AIM OF THE EXERCISE
Return exactly the final stretch of the records below, opening with the line that contains "Some of the words" and closing with the last line.

***

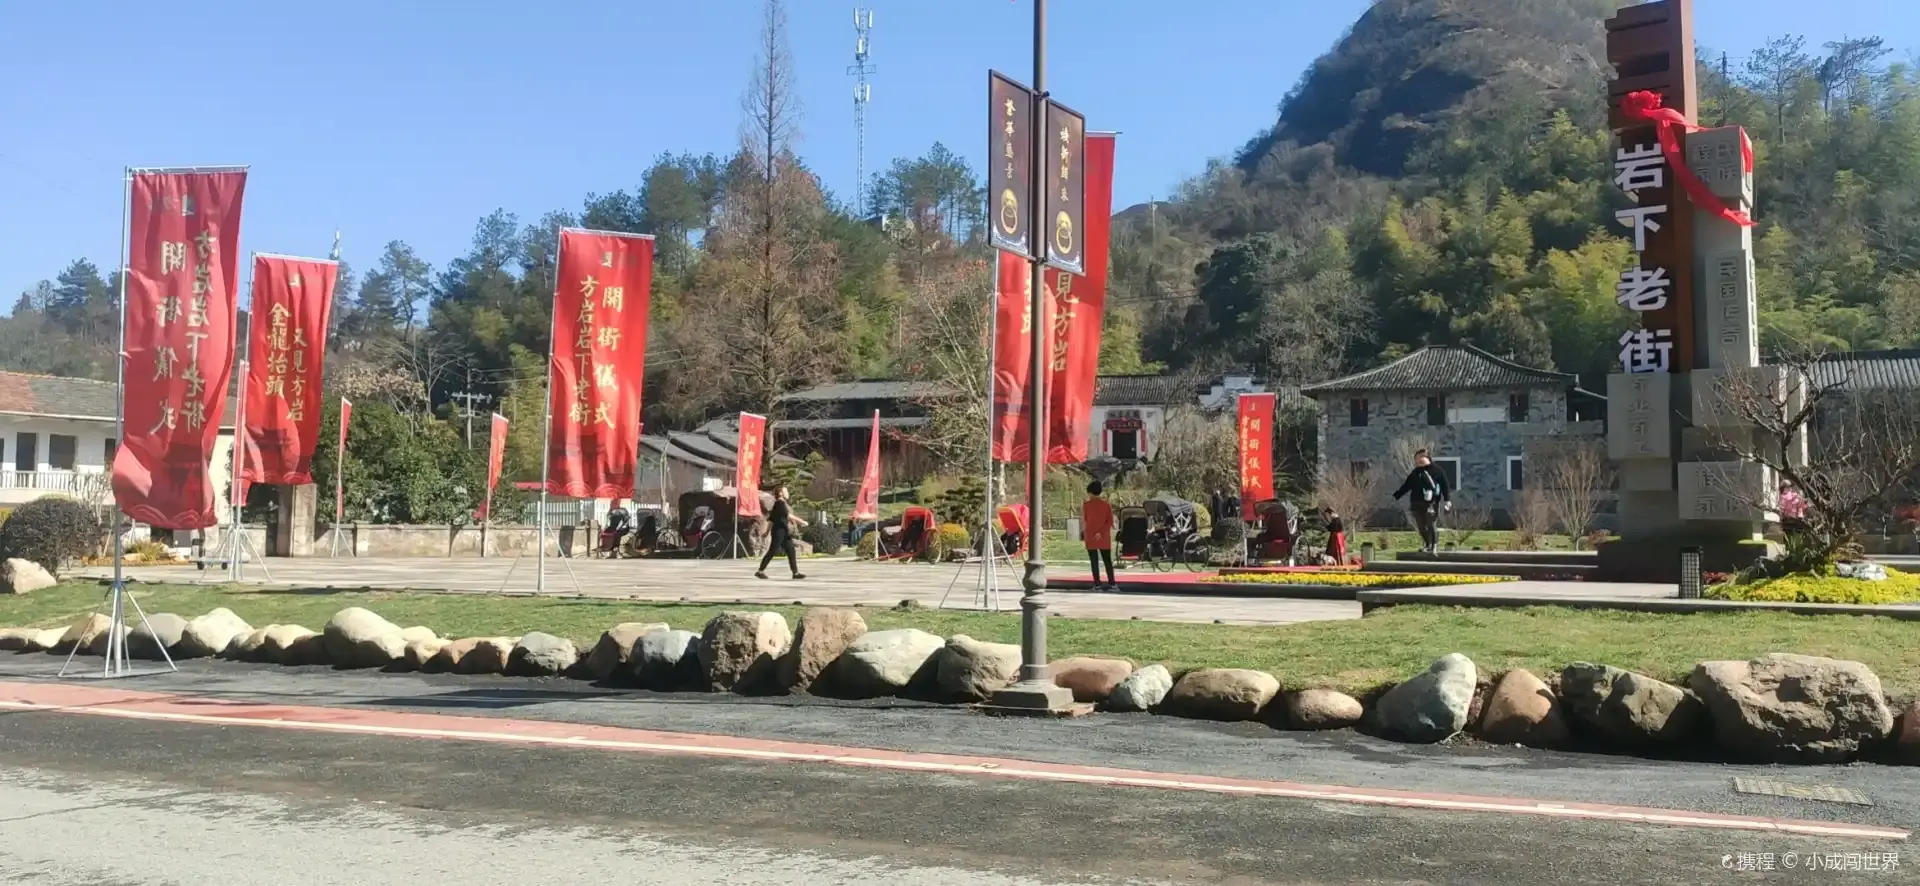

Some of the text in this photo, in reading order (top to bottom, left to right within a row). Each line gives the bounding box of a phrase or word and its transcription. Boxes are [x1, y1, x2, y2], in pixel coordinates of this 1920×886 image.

[1614, 143, 1673, 373] 岩下老街
[265, 302, 292, 399] 金龍抬頭
[286, 328, 308, 422] 又見方岩
[568, 274, 599, 427] 方岩岩下老街
[593, 286, 624, 429] 開街儀式
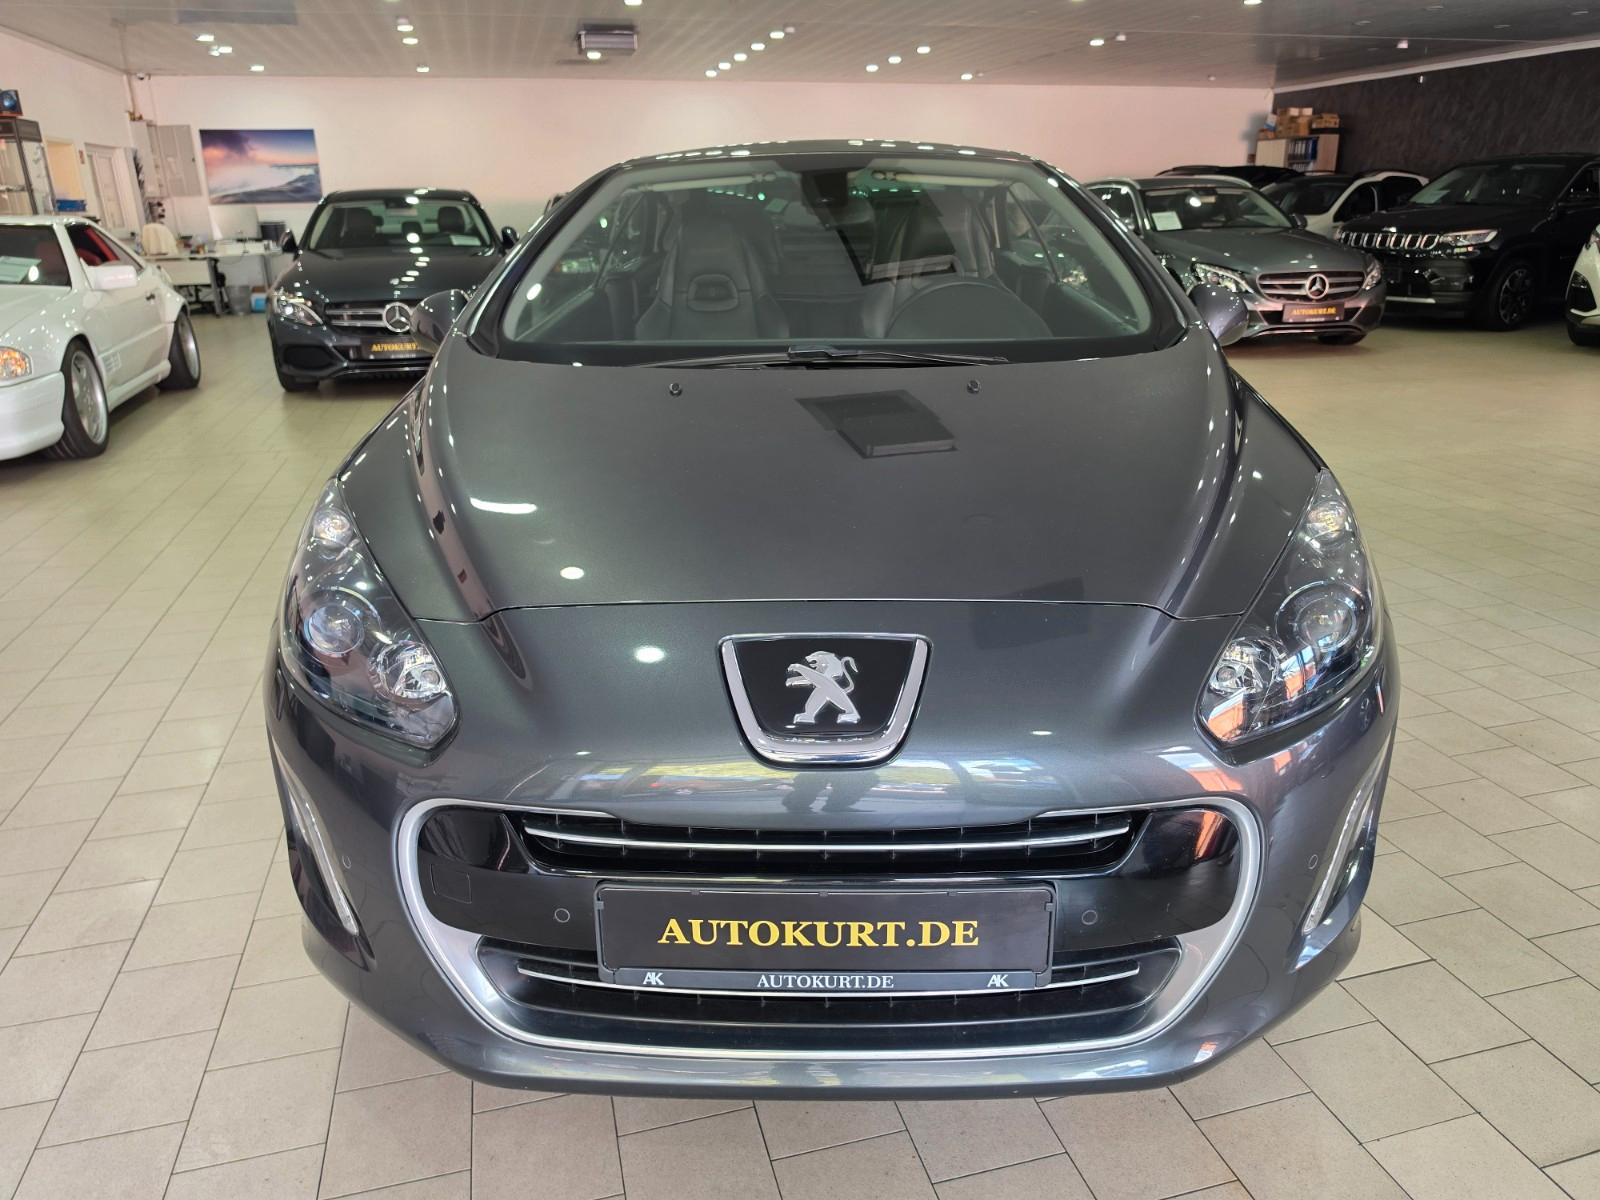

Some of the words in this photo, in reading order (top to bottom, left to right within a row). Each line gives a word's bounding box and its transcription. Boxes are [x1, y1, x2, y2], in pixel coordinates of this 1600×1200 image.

[657, 918, 980, 947] AUTOKURT.DE
[643, 972, 665, 986] AK
[757, 974, 895, 989] AUTOKURT.DE
[987, 974, 1009, 988] AK

***

SOLUTION TO THIS PROBLEM
Some of the words in this photo, in reading order (top to bottom, left to right within a row). Each line gives a word's bounding box and its transcription. Boxes are [x1, y1, x2, y2], in pixel coordinates of this 1600×1200 image.

[657, 918, 980, 947] AUTOKURT.DE
[643, 972, 665, 986] AK
[757, 974, 895, 989] AUTOKURT.DE
[987, 974, 1009, 988] AK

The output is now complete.